In early March, before the COVID-19 virus shut down the schools, Immaculate Conception School became a pilot program for Amira Tutor, a program that has a virtual teacher recording the students reading and coaching them when they struggle. This is then shown to the teacher, Becker said, another way for her to stay connected. She and her co-teacher also dropped off school supplies and other possible project tools, from Play-Doh to Legos to 34 homes, 18 of which are her students, March 29. While she can’t interact with her children, the “bag of hugs” is a way to let them know she cares. 

Computer teacher Morgan Trevathan, at Blessed Sacrament School in Jonesboro, says she has the same expectations of her students but acknowledges it isn’t going to be the same. 

“I think it’s important to remember we’re all in this together. Every student is at home with their parents … we’re all in the same boat. You’re not as a parent able to recreate” the classroom, but can facilitate learning, she said. 

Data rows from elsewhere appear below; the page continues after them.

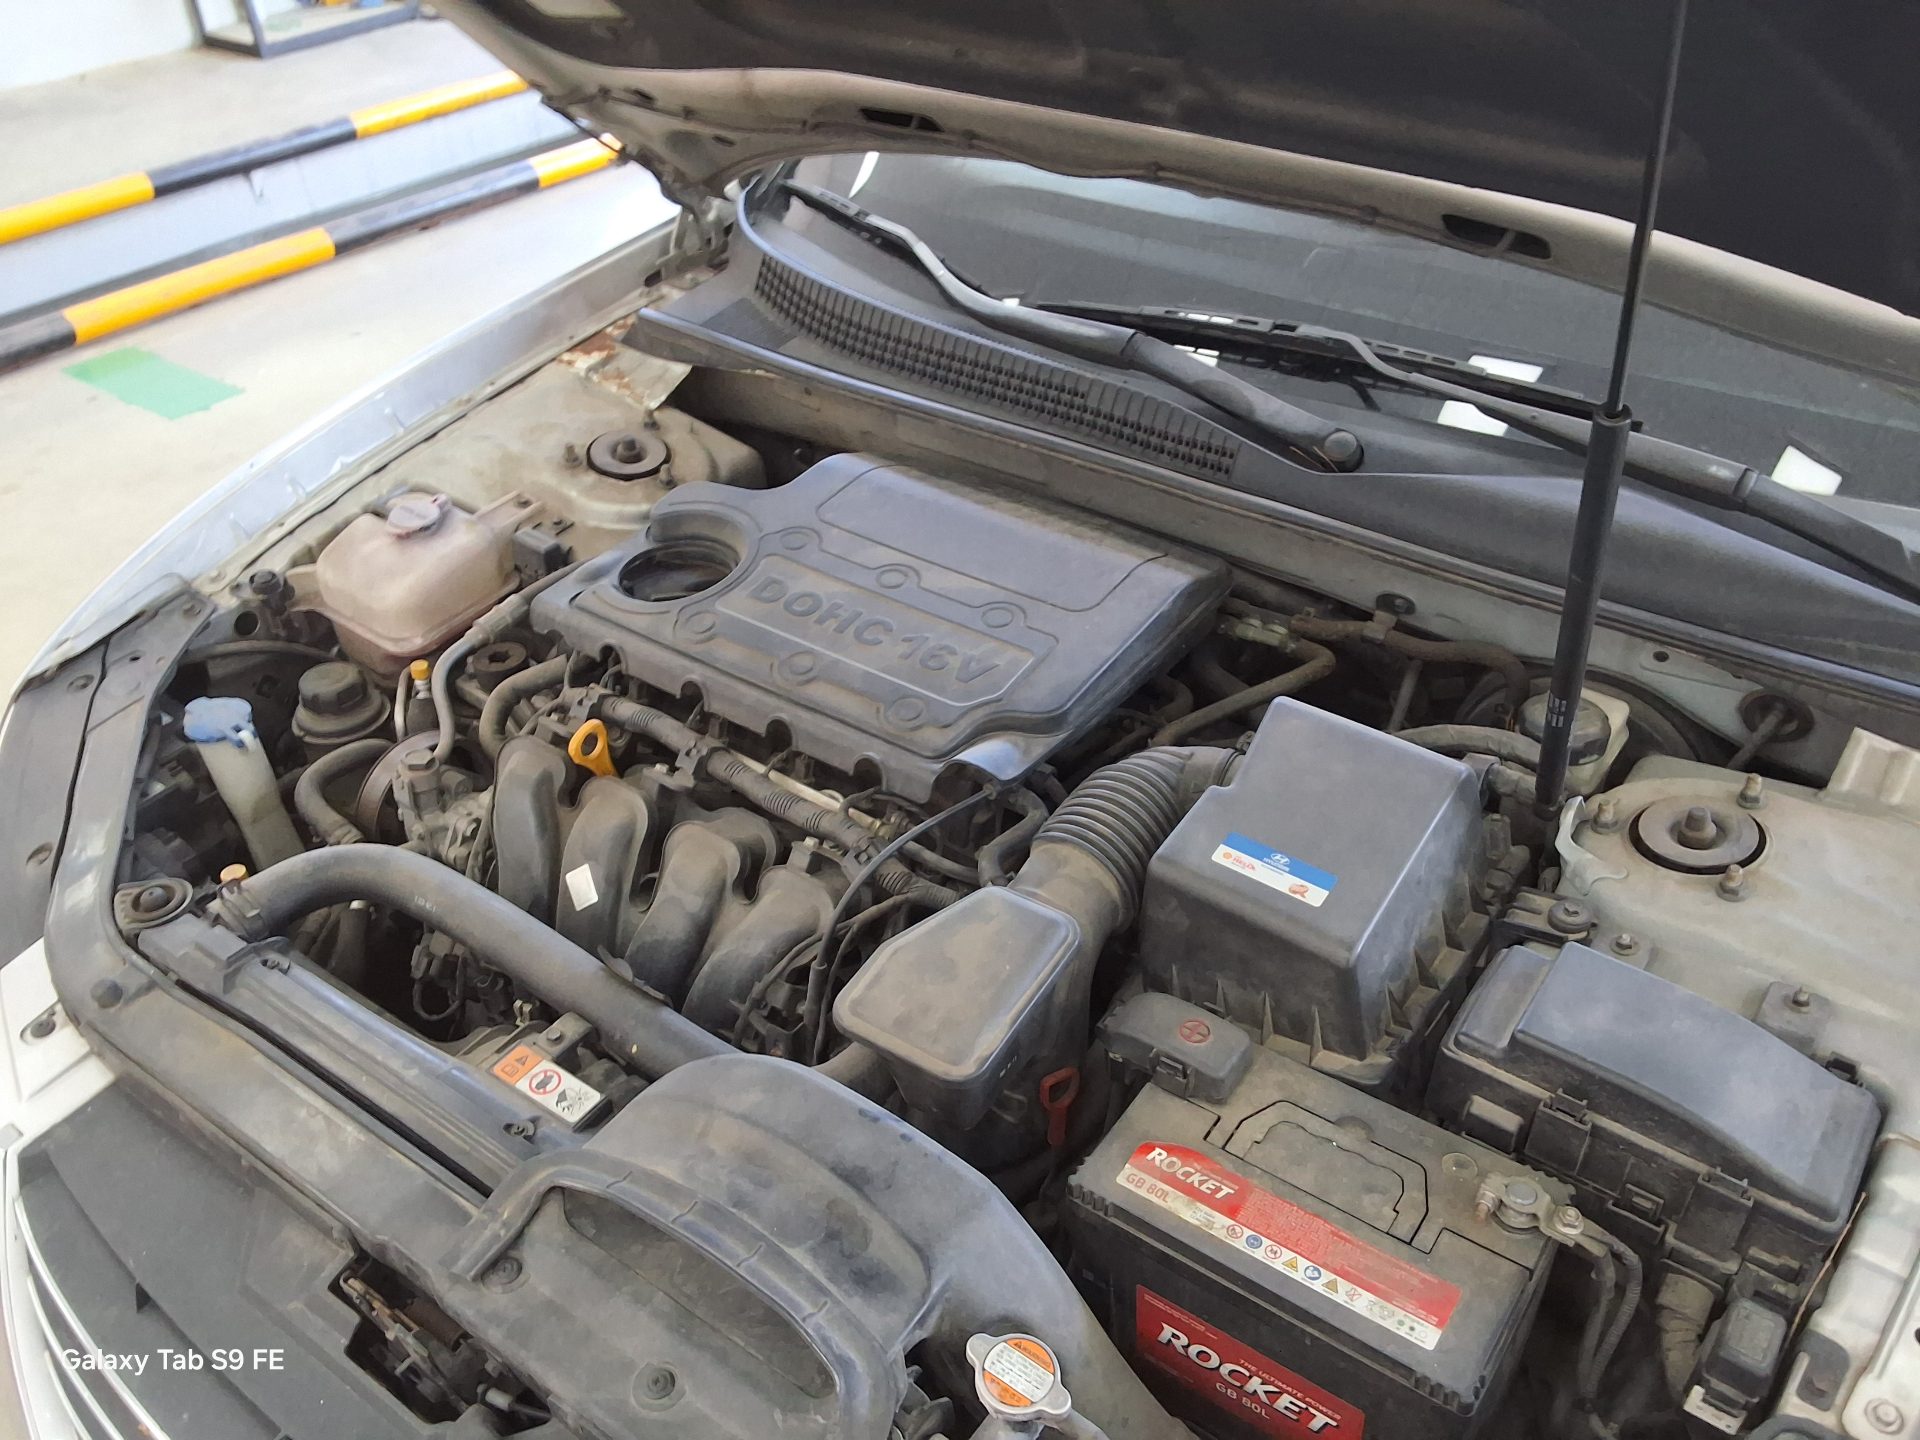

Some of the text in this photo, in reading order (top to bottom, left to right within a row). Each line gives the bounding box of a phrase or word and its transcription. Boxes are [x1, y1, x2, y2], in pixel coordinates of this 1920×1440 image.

[748, 575, 1001, 684] DOHC 16V
[1126, 1173, 1170, 1204] GB 80L
[1145, 1147, 1235, 1200] ROCKET
[1157, 1321, 1338, 1433] ROCKET
[1216, 1382, 1271, 1419] GB 80L
[1240, 1359, 1342, 1421] THE ULTIMATE POWER
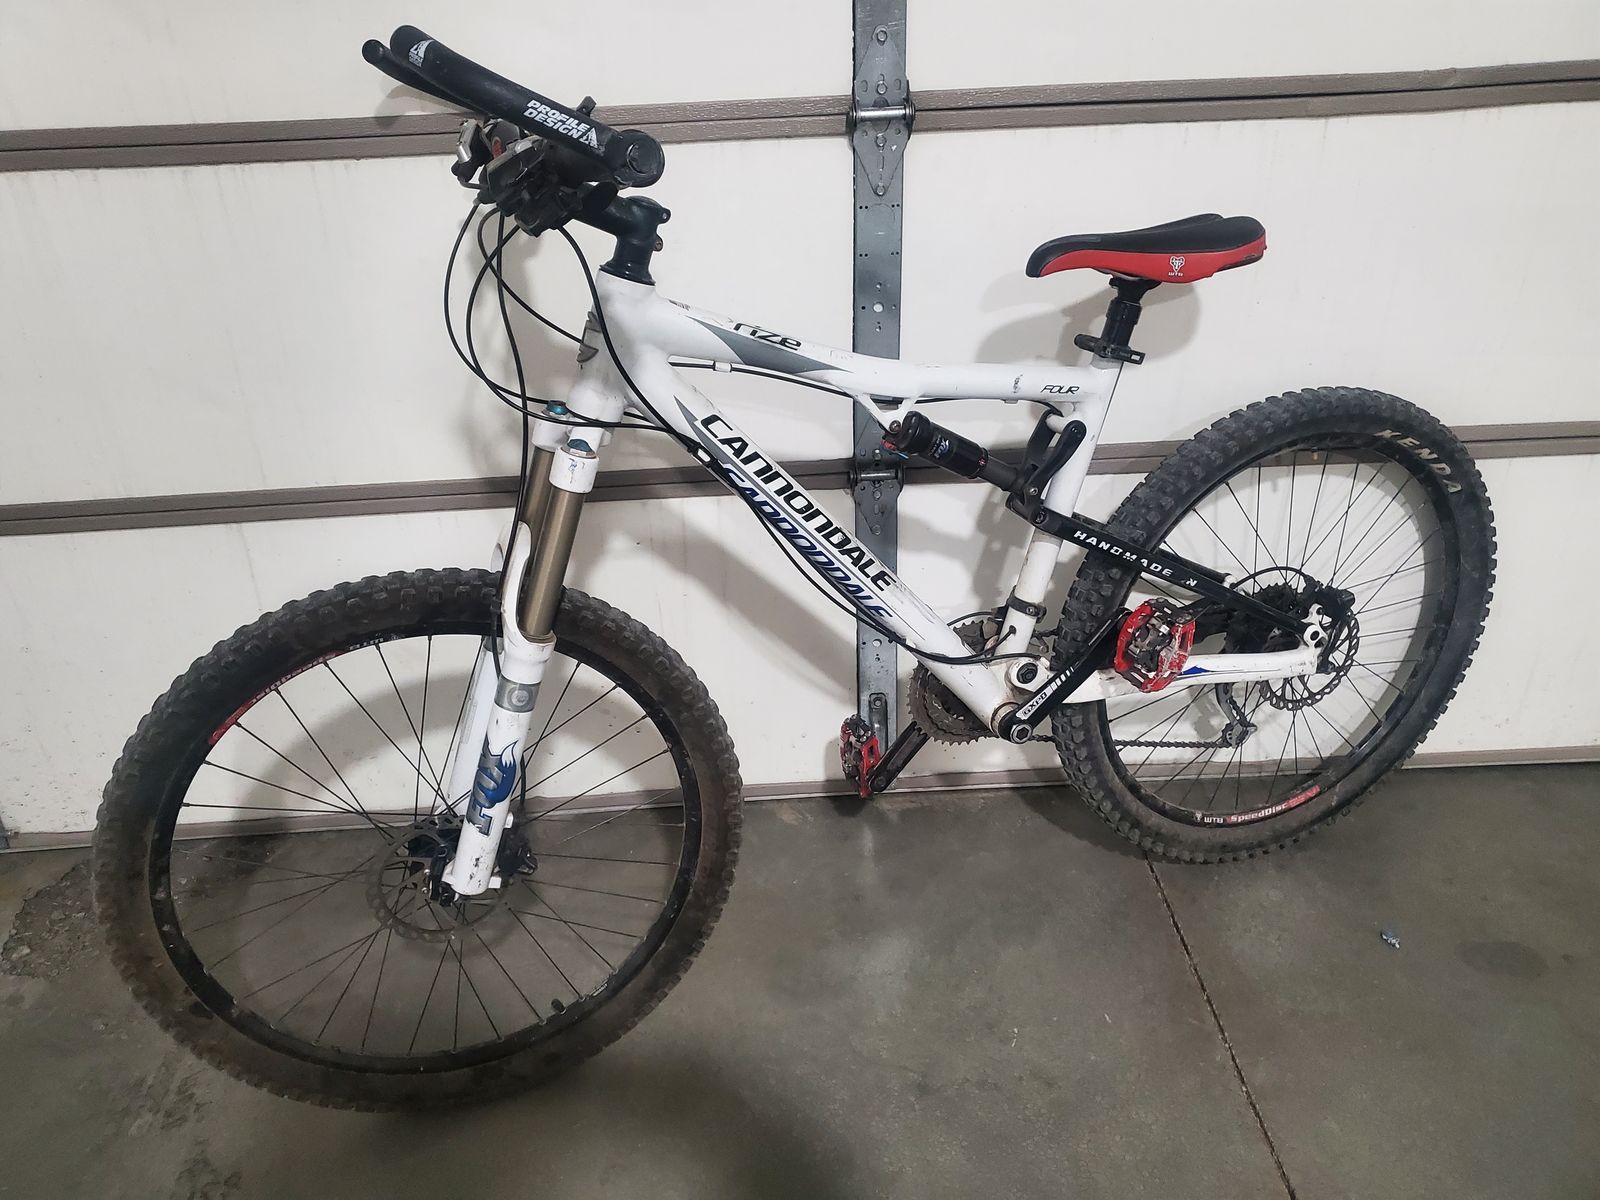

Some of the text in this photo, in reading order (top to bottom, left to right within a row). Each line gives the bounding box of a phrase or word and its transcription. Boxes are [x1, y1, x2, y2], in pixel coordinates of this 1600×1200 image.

[523, 108, 583, 139] DESIGN
[527, 99, 590, 132] PROFILE
[1041, 384, 1080, 394] FOUR
[1373, 429, 1462, 493] KENDA
[1074, 530, 1174, 577] HANDMADE
[1204, 816, 1224, 824] WTB

As a parent herself, with a prek-4 student, sixth grader and an infant at home, she’s had to use creative ways to educate even when the schoolwork is done. For example, “math in the kitchen, let’s make a cake together,” using fractions and measurements. 

“I think we get so caught up in textbooks, just remembering that’s not the only way the students learn,” Trevathan said, adding they should be “intentional about what they’re doing in their free time, doing other things that are engaging to their mind instead of getting on their video game. We don’t have to feel bad they finished their schoolwork by 1 p.m. instead of 3 p.m.”  

Beyond the classroom, Becker knows how tough the situation is on parents and students. She has two children in college, her daughter, who is a senior whose student teaching was cut short and her son, who also works as a cashier at Wal-Mart. Her other son is a senior in a public high school, who will miss his prom and his final year of baseball. 

“I think they’re really leaning strongly on those (Bible) verses about God’s promises, that he’ll ultimately do good for us,” she said, including 1 Timothy 4:12. “We’re getting a little stir crazy.”